Le 17 octobre 2024, après cinq ans de bataille, le tribunal de première instance avait rejeté la plainte des résidents du district Nord pour violation de leurs droits fondamentaux en raison des pannes de courant répétées. Aucun préjudice prouvé. Aucune responsabilité établie. Un verdict amer. « Un abandon inadmissible », selon Manuel Martín García. Lors du procès, le Dr García s’attendait à ce que les juges l’interrogent sur les effets des coupures sur la santé des résidents. Au lieu de cela, « ils m’ont posé des questions sur la marijuana ! », s’indigne-t-elle. Certains ont préféré baisser les bras. D’autres, au contraire, ont voulu poursuivre le combat.

La marijuana, une « excuse facile » pour les habitants

Au rez-de-chaussée, d’un des nombreux immeubles en brique orange du quartier de Cartuja, Rosario García et Laura Guillen, patientent autour d’une table. Présidente et vice-présidente de l’association des voisins, elles ouvrent chaque mercredi de 12h à 13h des permanences pour les habitants. L’objectif ? « Ecouter et trouver des solutions contre les coupures d’électricité », résume Rosario avec son accent andalou prononcé.

Cette mère de deux filles, au regard déterminé derrière de larges lunettes noires, connaît chaque recoin du district Nord. Elle vit ici depuis sa naissance. « À l’époque où nos parents se sont installés, il n’y avait ni climatiseurs, ni chauffe-eaux électriques, ni plaques à induction, se souvient-elle. Aujourd’hui, la consommation énergétique a explosé, mais les infrastructures n’ont pas suivi. Alors forcément, cela entraîne des pannes incessantes ».

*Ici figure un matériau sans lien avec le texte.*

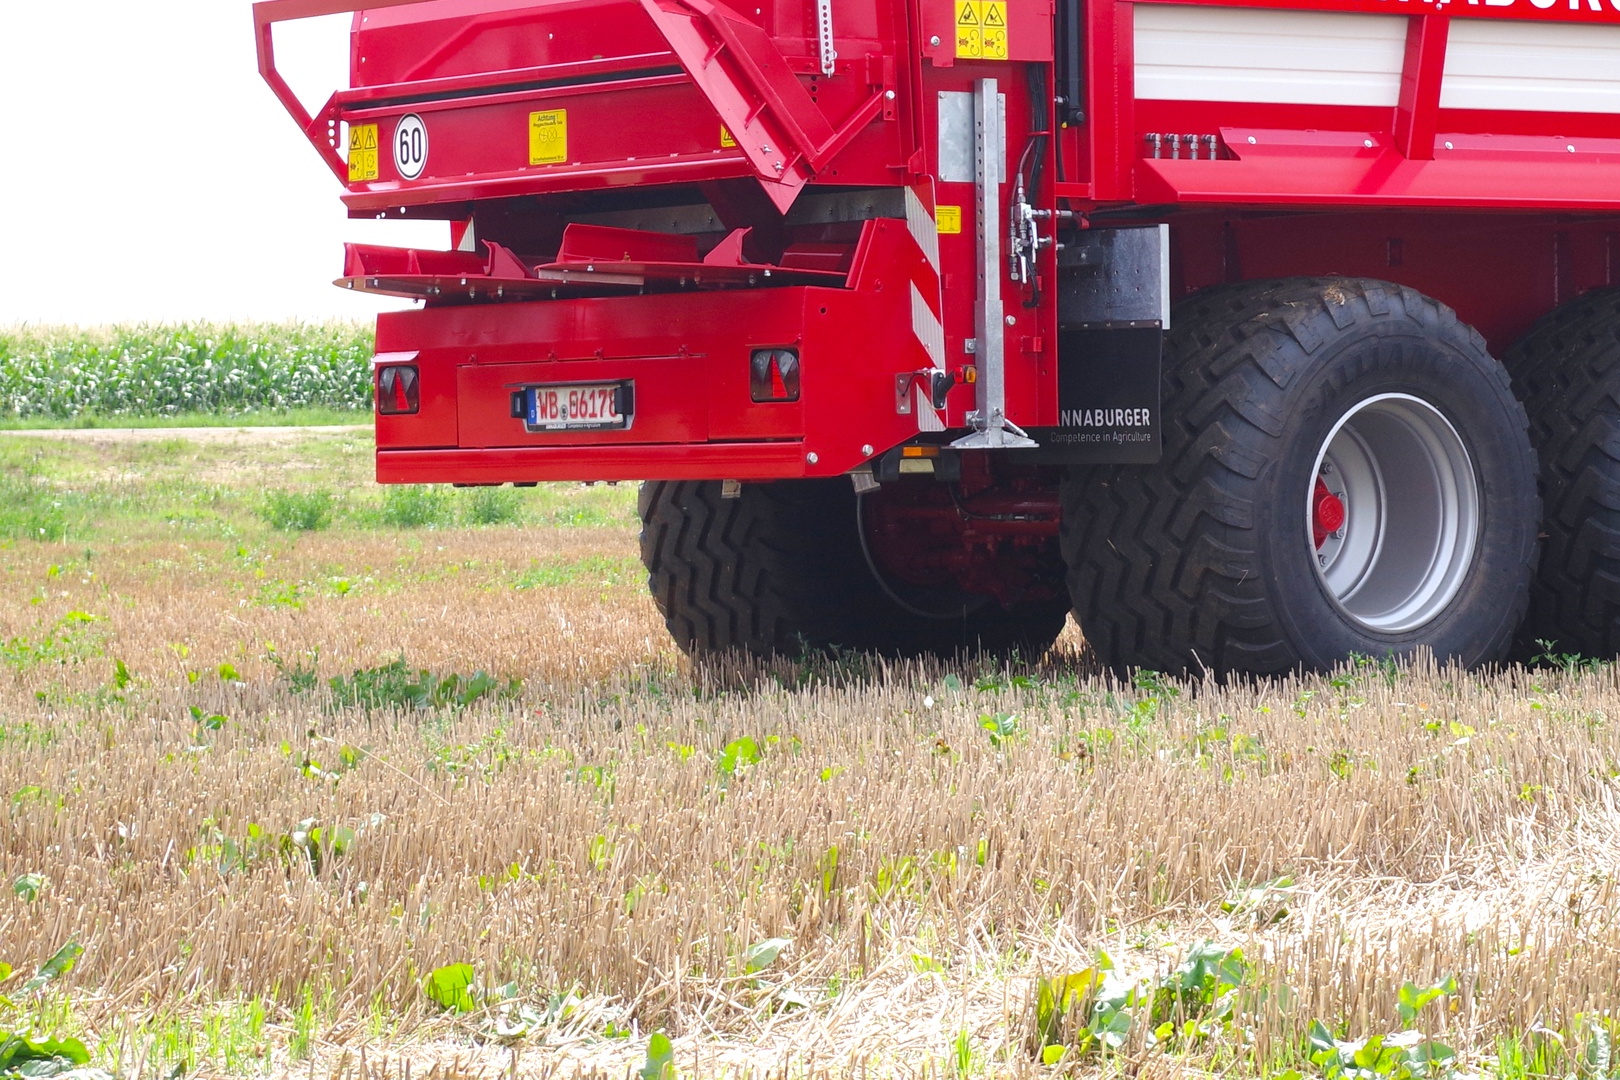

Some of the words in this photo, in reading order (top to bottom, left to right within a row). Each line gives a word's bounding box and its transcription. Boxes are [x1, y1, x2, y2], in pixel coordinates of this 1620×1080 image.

[400, 127, 422, 165] 60
[1319, 342, 1466, 408] ALLIANCE
[538, 390, 558, 419] WB
[1058, 408, 1151, 427] NNABURGER
[1050, 432, 1101, 444] Competence
[1103, 431, 1111, 441] in
[1112, 431, 1151, 444] Agriculture
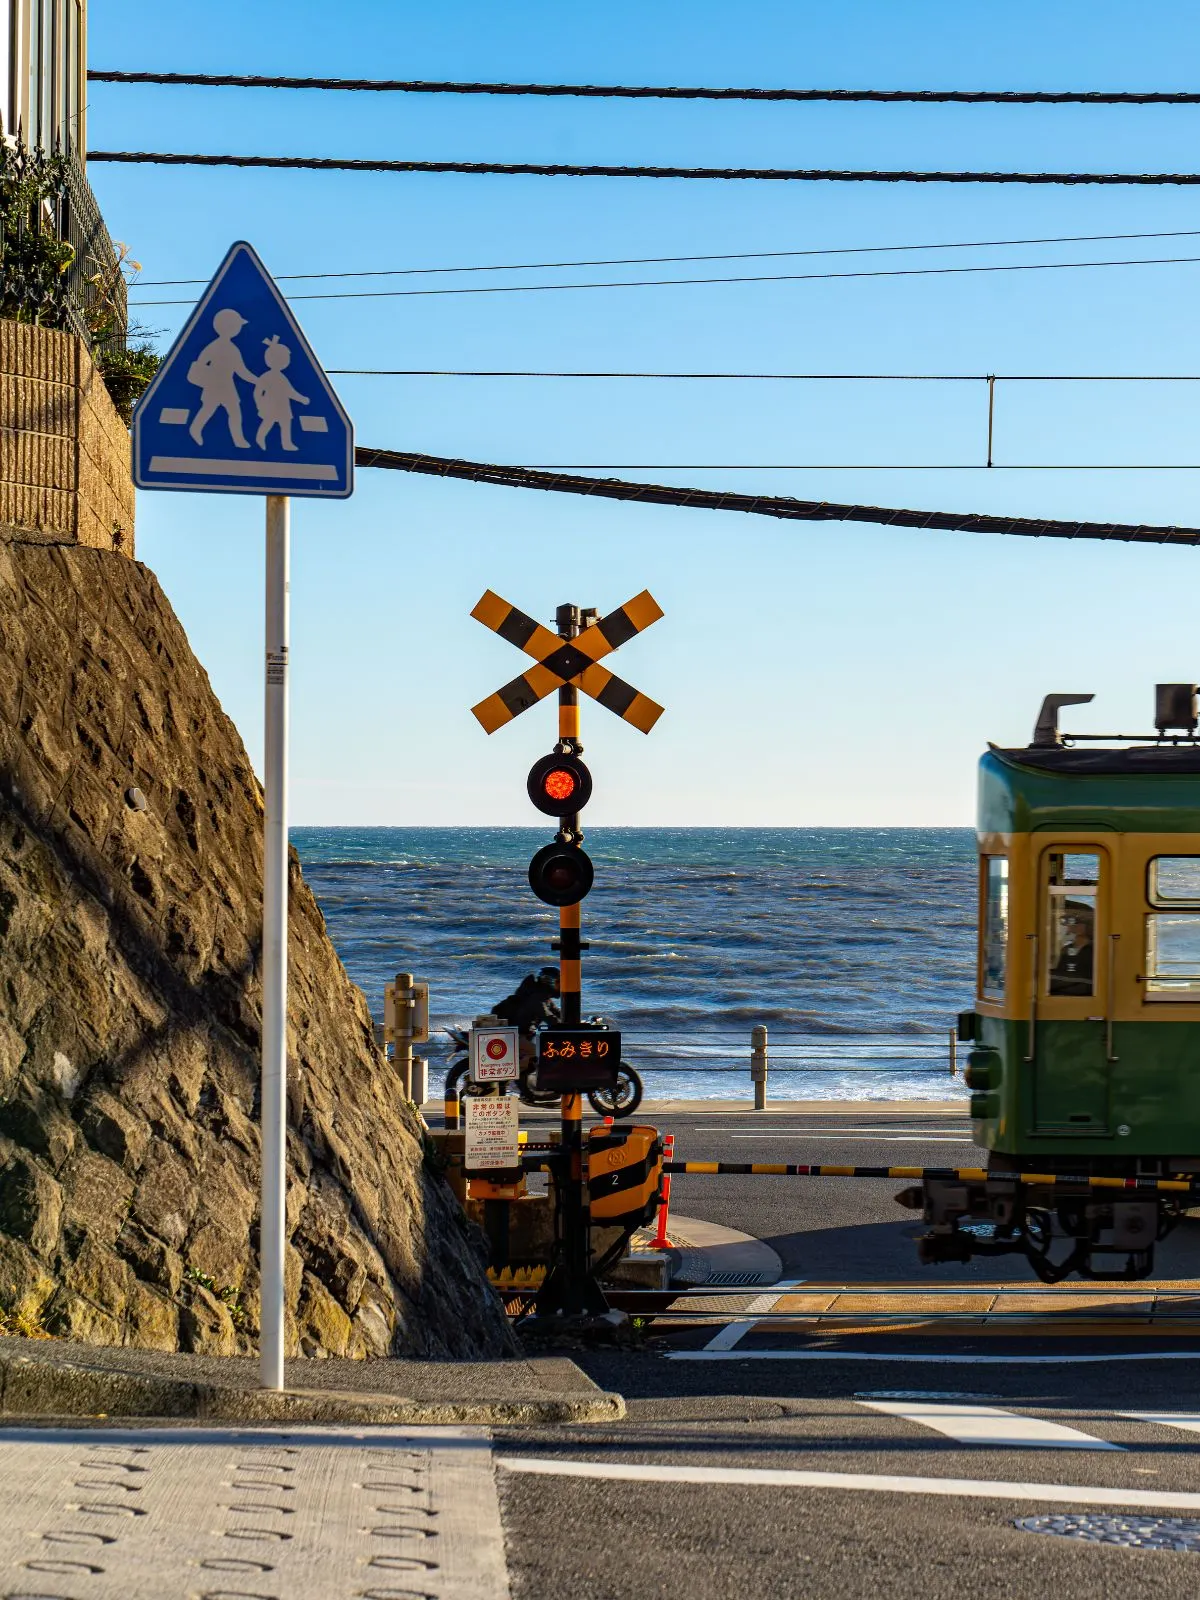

La faute aux plantations de cannabis ? Cet argument, Rosario ne veut pas en entendre parler. Elle le voit comme une « excuse facile » utilisée par les autorités et Endesa pour éluder les véritables causes des coupures : un réseau obsolète et un manque criant d’investissements. En 2020, une décision rendue par le Defensor del Pueblo – l’équivalent du défenseur des droits en France – a reconnu que cette activité illicite n’avait pas une incidence significative sur la surexploitation du réseau. « Malgré cela, rien n’a été fait après », regrette la vice-présidente Laura Guillen alors que l’association a multiplié les manifestations au son des slogans « Norte no te cortes ! Iluminate ! » (« Quartier Nord, ne te coupe pas ! Illumine-toi ! ») ou « Nosotros también somos Granada ! » (« Nous aussi, nous sommes des habitants de Grenade »).

Deux habitants de la rue Molino Nuevo – une des artères les plus affectées par les coupures d’électricité – au balcon de leur appartement. © Eloi Thouault

Interrogé, Juan Antonio Sánchez, responsable chez Endesa de la distribution du réseau électrique à Grenade, soutient que la compagnie réalise « d’importants efforts pour résoudre ces problèmes ». Au cours des quatre dernières années, l’entreprise a investi plus de 10,4 millions d’euros. « Cela s’est traduit par une rénovation complète du réseau : basse, moyenne et haute tension. Dix-neuf nouveaux centres de transformation ont aussi été installés », détaille le responsable. Contactée à trois reprises sur les moyens mis en place, la municipalité de Grenade n’a jamais donné de réponses.

Pour l’instant, la bataille se poursuit dans le noir. « Ce n’est pas une cause perdue. Difficile, oui, mais pas impossible », espère Manuel Martín García, le défenseur de la citoyenneté, en rangeant plusieurs dossiers dans son armoire. Quant aux habitants, la plupart oscillent entre colère et lassitude. « On paie l’électricité mais chaque jour c’est une question de survie ! Le futur ? Difficile de l’imaginer », confie Beatriz, résignée. Une lutte qui semble sans fin, dans laquelle les droits des habitants continuent de s’éteindre.